Much of this mess is of the Republican Party’s own making. Let’s not forget that Mr. Trump’s political rise began with his promulgation of the racist conspiracy theory that President Obama was not a natural-born American citizen. The Trump presidency is the result of years of destructive mental habits and moral decay. So there’s no easy solution for responsible Republicans. But there is a step they have to take.
They need to accept, finally, the reality — evident from the moment he declared his candidacy — that Mr. Trump is unfit to govern. He will prove unable to salvage his presidency. As the failures pile up, he’ll act in an even more erratic fashion.
The mental hurdle Republicans have to clear is that in important respects the interests of the Republican Party and those of Donald Trump no longer align. The party has to highlight ways in which it can separate itself from the president.
So far the response of many Republican leaders to Mr. Trump’s offenses has been silence or at most veiled, timid criticism. The effect is to rile up Trump supporters and Mr. Trump himself without rallying opposition to him. It’s the worst of all worlds.

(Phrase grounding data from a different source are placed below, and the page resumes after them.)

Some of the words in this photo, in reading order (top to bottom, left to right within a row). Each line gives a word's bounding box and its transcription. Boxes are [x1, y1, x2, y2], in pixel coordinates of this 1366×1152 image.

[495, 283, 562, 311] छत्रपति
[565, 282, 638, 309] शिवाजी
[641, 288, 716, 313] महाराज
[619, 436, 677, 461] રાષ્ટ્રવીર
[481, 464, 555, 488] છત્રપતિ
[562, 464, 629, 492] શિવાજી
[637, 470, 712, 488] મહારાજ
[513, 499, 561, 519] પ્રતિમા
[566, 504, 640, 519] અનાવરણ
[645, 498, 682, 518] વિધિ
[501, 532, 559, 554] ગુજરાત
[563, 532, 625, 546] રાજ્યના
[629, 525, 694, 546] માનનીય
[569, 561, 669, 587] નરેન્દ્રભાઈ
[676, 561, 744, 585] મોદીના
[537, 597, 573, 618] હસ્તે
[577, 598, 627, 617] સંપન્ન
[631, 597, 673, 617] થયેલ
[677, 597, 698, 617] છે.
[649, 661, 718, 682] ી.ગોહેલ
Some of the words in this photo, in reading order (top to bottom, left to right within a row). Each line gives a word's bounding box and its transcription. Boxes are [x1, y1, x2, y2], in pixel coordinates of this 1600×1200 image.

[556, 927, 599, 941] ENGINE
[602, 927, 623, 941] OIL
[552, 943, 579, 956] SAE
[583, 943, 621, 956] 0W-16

What’s required now is a comprehensive, consistent case by Republican leaders at the state and national levels that signals their opposition to the moral ugliness and intellectual incoherence of Mr. Trump. Rather than standing by the president, they should consider themselves liberated and offer a constructive, humane and appealing alternative to him. They need to think in terms of a shadow government during the Trump era, with the elevation of alternative leaders on a range of matters.

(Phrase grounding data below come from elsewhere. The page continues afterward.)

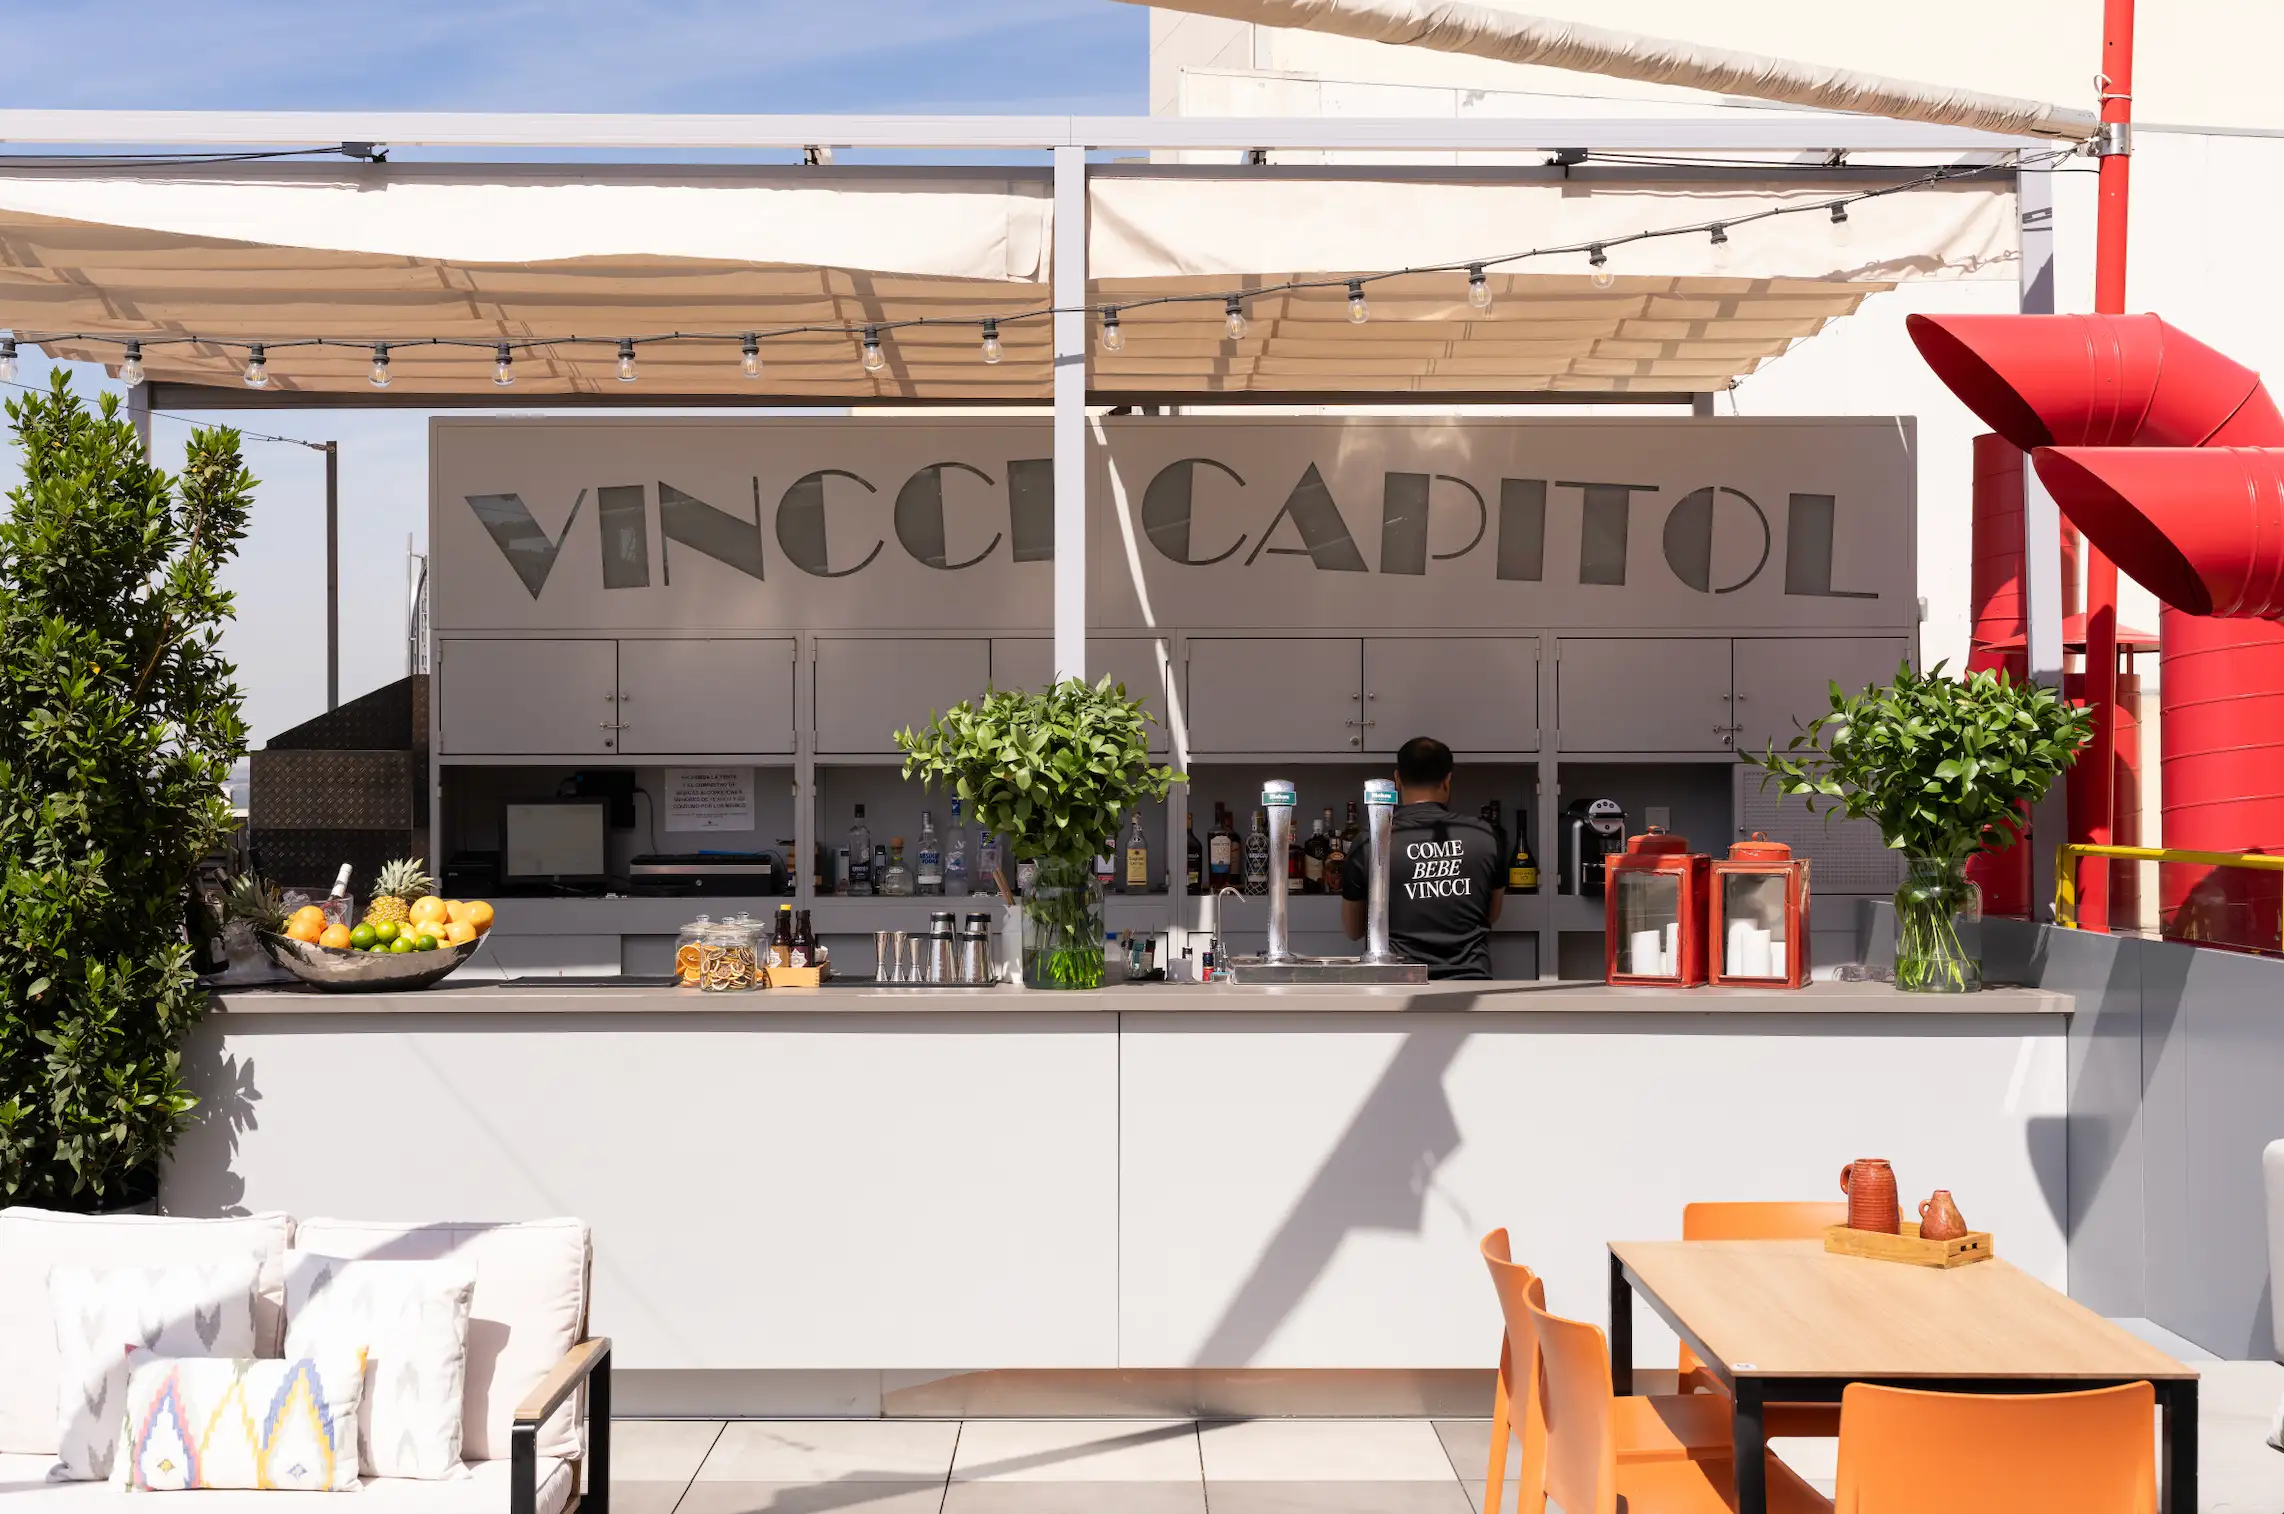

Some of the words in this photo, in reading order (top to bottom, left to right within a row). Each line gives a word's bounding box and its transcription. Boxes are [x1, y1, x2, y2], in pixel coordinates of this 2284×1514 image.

[464, 458, 1054, 600] VINCCI
[1141, 458, 1879, 600] CAPITOL
[1406, 839, 1464, 860] COME
[1412, 859, 1463, 879] BEBE
[1403, 878, 1472, 900] VINCCI

This approach involves risk and may not work. It will certainly provoke an angry response from the Breitbart-alt-right-talk-radio part of the party. So be it. Republicans who don’t share Mr. Trump’s approach have to hope that his imploding presidency has created an opening to offer a profoundly different vision of America, one that is based on opportunity, openness, mobility and inclusion.

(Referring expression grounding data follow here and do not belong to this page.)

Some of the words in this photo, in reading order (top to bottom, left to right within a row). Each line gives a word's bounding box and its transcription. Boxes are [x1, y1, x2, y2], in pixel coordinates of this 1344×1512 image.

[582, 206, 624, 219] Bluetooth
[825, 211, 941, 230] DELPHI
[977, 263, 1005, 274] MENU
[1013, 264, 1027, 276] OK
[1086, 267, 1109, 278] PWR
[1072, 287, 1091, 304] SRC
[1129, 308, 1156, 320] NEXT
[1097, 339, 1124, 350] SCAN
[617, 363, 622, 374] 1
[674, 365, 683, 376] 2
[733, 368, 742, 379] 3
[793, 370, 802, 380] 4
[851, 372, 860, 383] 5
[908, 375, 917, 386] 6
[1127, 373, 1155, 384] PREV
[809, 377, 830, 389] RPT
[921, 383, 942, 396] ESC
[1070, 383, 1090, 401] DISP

This requires a new intellectual infrastructure to address what may prove to be one of the largest economic disruptions in history. People in positions of influence need to make arguments on behalf of principles and ideas that have for too long gone undefended. They must appeal to moral idealism. And the party needs leaders who will fight with as much passionate intensity for their cause as Mr. Trump fights for his — which is simply himself. There’s no shortcut to forging a separate Republican identity during the Trump presidency. Half-measures and fainthearted opposition are certain to fail.
If Republicans need more encouragement to break with Mr. Trump, they might note that the president, who has no institutional or party loyalty, is positioning himself as a critic not just of Democrats but also of Republicans. During his rally in Arizona, he went out of his way to attack both of that state’s Republican senators, including one battling brain cancer. He followed that up with tweets attacking the House speaker, Paul D. Ryan, the Senate majority leader, Mitch McConnell, and other Republican lawmakers.
A confrontation is inevitable. The alternative is to continue to further tie the fate and the reputation of the Republican Party to a president who seems destined for epic failure and whose words stir the hearts of white supremacists.
We are well past the point where equivocations are defensible, and we’re nearly past the point where a moral reconstitution is possible. The damage Mr. Trump has inflicted on the Republican Party is already enormous. If the party doesn’t make a clean break with him, it will be generational.
Peter Wehner, a senior fellow at the Ethics and Public Policy Center, served in the previous three Republican administrations and is a contributing opinion writer.